18:13 clojurebot: [3 32]
18:13 gfrlog: ,(doc juxt)
18:13 clojurebot: "([f] [f g] [f g h] [f g h & fs]); Alpha - name subject to change. Takes a set of functions and returns a fn that is the juxtaposition of those fns. The returned fn takes a variable number of args, and returns a vector containing the result of applying each fn to the args (left-to-right). ((juxt a b c) x) => [(a x) (b x) (c x)]"
18:14 gfrlog: amalloy: awesome
18:14 there's no excuse for repetition
18:14 amalloy: juxt is a great trick. ever since i saw raek use it for the first time, i try to find juxt in every problem i solve :P
18:15 gfrlog: hmmmm
18:15 ,((juxt juxt juxt) juxt juxt)
18:15 clojurebot: [#<core$juxt$fn__3657 clojure.core$juxt$fn__3657@d1ea84> #<core$juxt$fn__3657 clojure.core$juxt$fn__3657@17baeb1>]
18:15 amalloy: lol
18:15 gfrlog: solved that problem
18:15 amalloy: ,((comp (juxt juxt juxt) juxt) juxt juxt)
18:16 clojurebot: [#<core$juxt$fn__3655 clojure.core$juxt$fn__3655@b56813> #<core$juxt$fn__3655 clojure.core$juxt$fn__3655@1c3c0fd>]
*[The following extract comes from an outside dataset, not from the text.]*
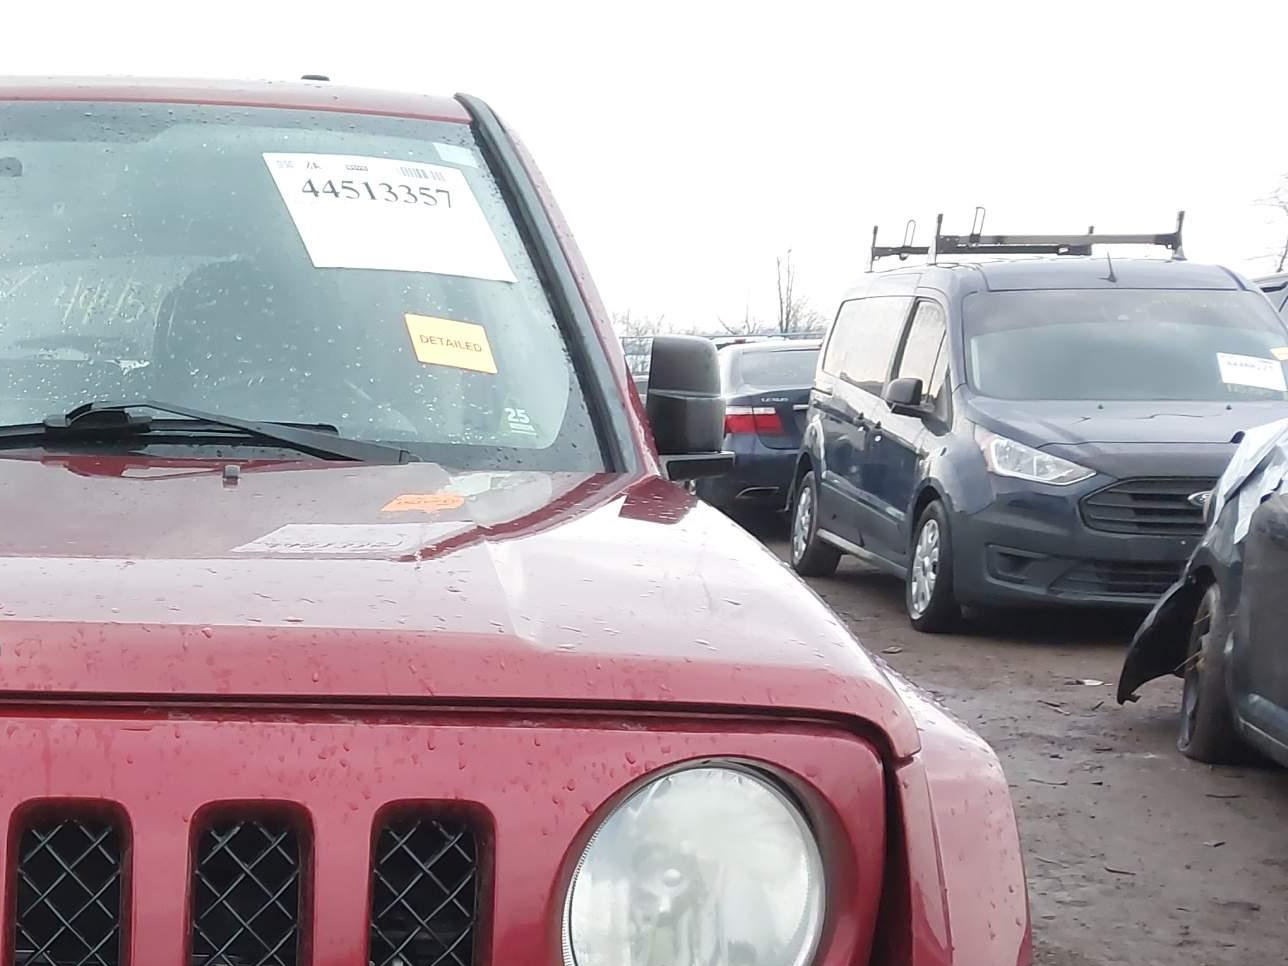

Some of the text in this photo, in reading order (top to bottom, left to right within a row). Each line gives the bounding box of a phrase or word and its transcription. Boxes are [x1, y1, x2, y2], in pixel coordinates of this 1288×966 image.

[301, 177, 452, 209] 44513357
[419, 334, 482, 352] DETAILED
[504, 407, 530, 424] 25
18:16 gfrlog: so much abstraction the poor JVM is going through and all we get are some hex codes
18:16 amalloy: a good lesson: everything is bits, eventually
18:16 raek: amalloy: :)
18:17 gfrlog: it'd be fun to have a program that takes a java object and creates a graph of the nested objects all the way down to primitives
18:17 I guess that's not necessarily acyclic though :(
18:17 raek: amalloy: (btw, what did I use juxt for that time?)
18:19 amalloy: raek: awww, i just looked at my logs and it was actually jkkramer; you told him how beautiful it was
18:19 ,(map (juxt first count) (partition-by identity [:a :a :a :b :b :c :d :d]))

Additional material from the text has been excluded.